3. Crypto and digital assets
Regulatory activity around crypto and digital assets is intensifying as usage by investors, companies, and even some central banks, shows widespread interest and adoption at retail and institutional levels. The regulatory landscape in the U.S. is evolving alongside the market expansion with state and federal regulators and legislators all considering approaches to add clarity. Key issues include a focus on chartering, licensing, fraud and financial crimes risks, and consumer and investor protections.
4. Platforms and conduct
Rapid developments in technology, increases in digital banking activity, growing sophistication of data collection, and the increasing influence of social media is reshaping the financial services landscape in ways never before seen or anticipated. These unprecedented times, underscored by ongoing social and economic changes associated with COVID-19, have fostered and accelerated unique advancements in the consumer experience—and given rise to new risks related to data security, fraud, and conflicts of interest.
5. Cyber & Data
The financial services regulators have called cyber risk the foremost risk to financial stability—and the Administration has called it a persistent and increasingly sophisticated threat that weighs heavily on governments and financial services companies alike. Given the highly interconnected nature of the financial services sector and its dependencies on critical third-party service providers, all participants in the financial system must implement risk mitigation and resilience initiatives relative to both frequency and impact of cyber threats. Current or emerging threats include malware (e.g., ransomware), supply chain risk, and sophisticated DDOS.
6. Fraud & Financial Crimes
The adoption of innovative technologies to improve the effectiveness of fraud and financial crimes risks management is becoming an imperative as regulators emphasize innovative approaches (e.g., machine learning, enhanced data analytics) and the preponderance of threat risks, from cybersecurity to ransomware to cryptocurrency to identity theft, are technology-driven. The Administration has prioritized many of these concerns as issues of national security, embarking on a “whole-of-government” approach; new and emerging areas of focus are tied to transparency and ESG.

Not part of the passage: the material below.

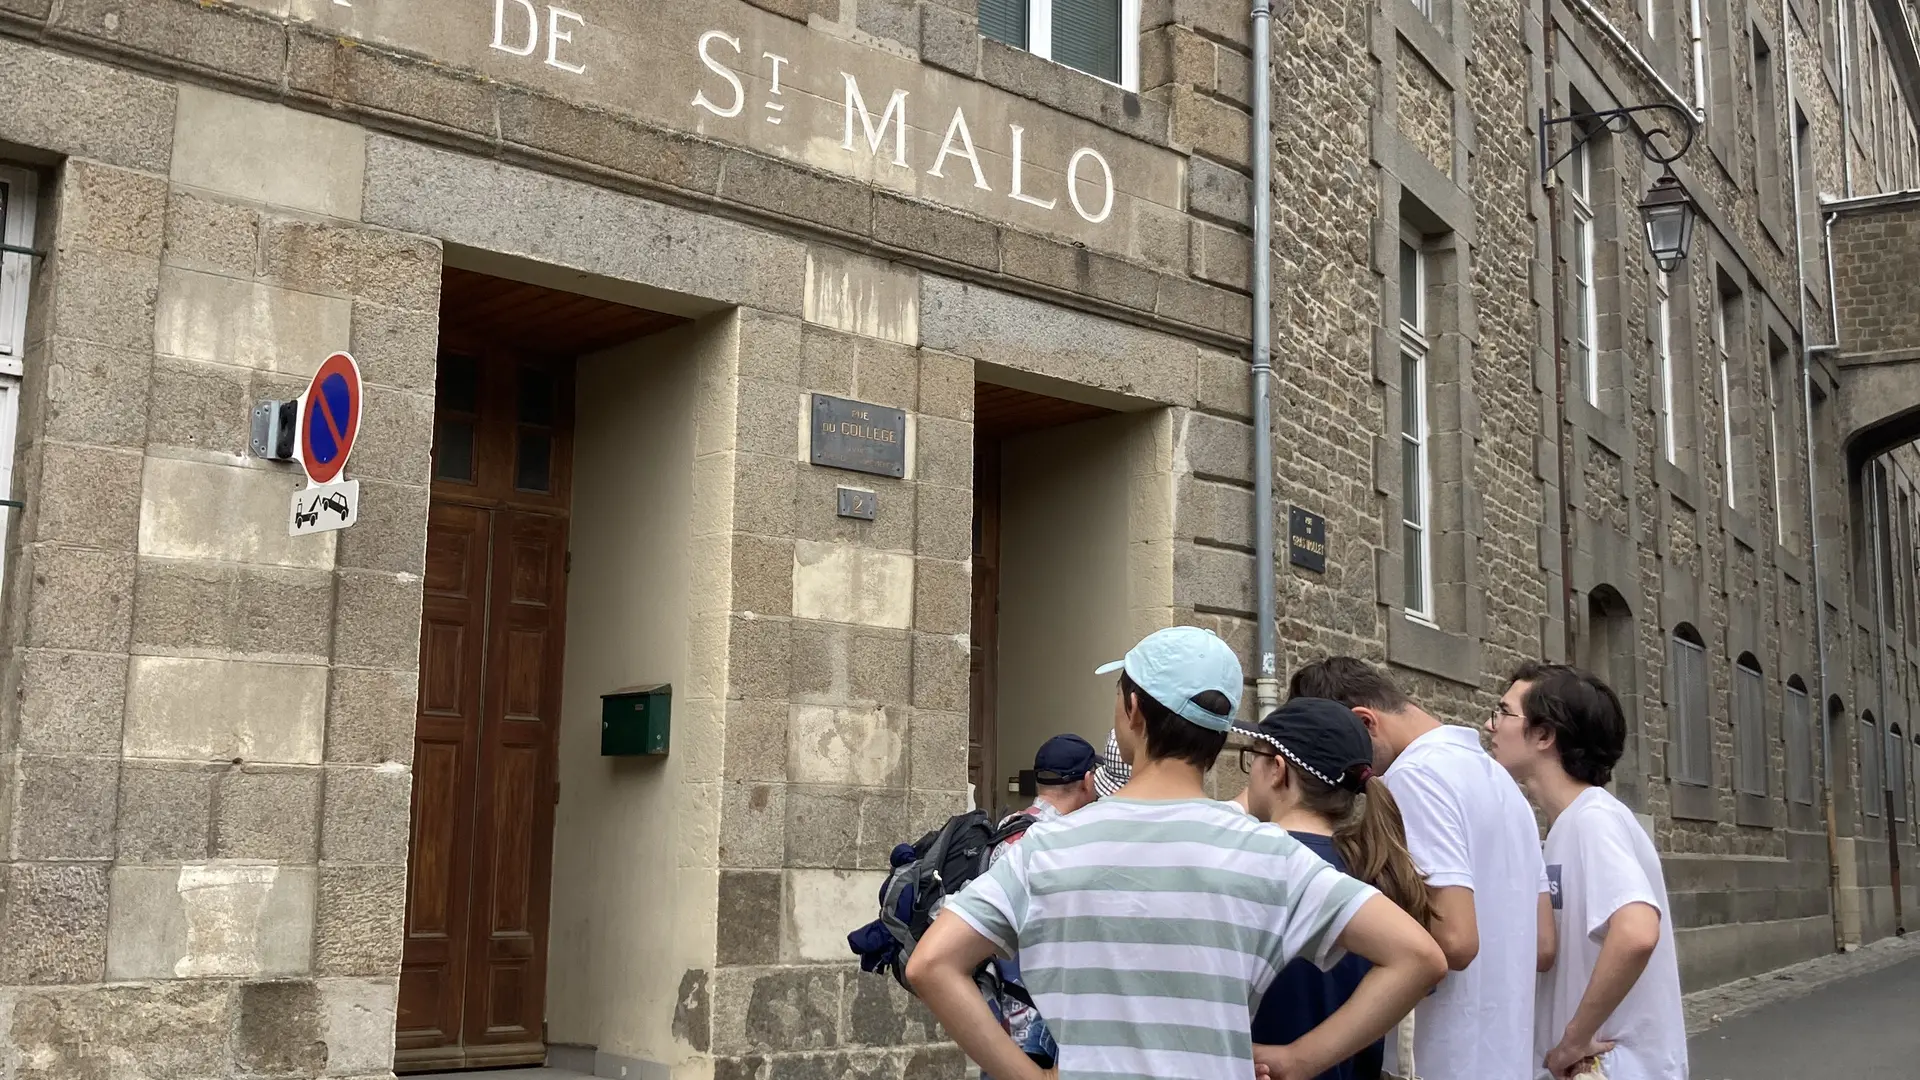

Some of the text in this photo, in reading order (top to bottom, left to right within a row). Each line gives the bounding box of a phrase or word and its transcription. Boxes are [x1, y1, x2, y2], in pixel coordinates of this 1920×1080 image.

7. Valuation vulnerabilities
There is a large amount of debt and leverage in some sectors of the financial system, coupled with historically elevated valuations for almost all asset classes (from corporate equities to real estate to cryptocurrencies). These areas may be susceptible to correction if rising inflation sends interest rates sharply higher; even relatively small pullbacks could have outsized impacts on asset values in market segments with concentrated or leveraged exposure. Regulatory focus on principles of fairness and competition could separately impose impacts on valuations.
8. Third party & cloud
Driven to enhance competitiveness, expand operations, and accommodate customer needs, financial services companies are forming more numerous and complex relationships with third-party companies at significant speed and scale, including financial technology-focused entities such as cloud service providers. These relationships offer advantages but can also reduce management’s direct control of activities, which may introduce new risks or elevate existing risks for companies and their customers.
9. Tech & resiliency
Recent events, including technology-based failures, cyber incidents, pandemic outbreaks, and natural disasters, have made clear that significant disruptions are increasingly likely and can be interconnected (consider how a health crisis sparked a mobility crisis that spawned a financial crisis). Although advances in technology have improved firms’ ability to identify and recover from such disruptions, the frequency of events and potential for interconnectedness and/or interdependencies to amplify risks nonetheless underscore the need for operational resilience and are prompting leading companies to adopt a more holistic, multi-function approach.
10. Risk "complacency"
Regulators view “risk complacency” by financial service companies as a potential threat to both stakeholder trust and safety and soundness. Companies must deliberately ensure that they are guarding against overconfidence—particularly during times of business, M&A, and innovative growth—by raising risk and compliance investment and voice.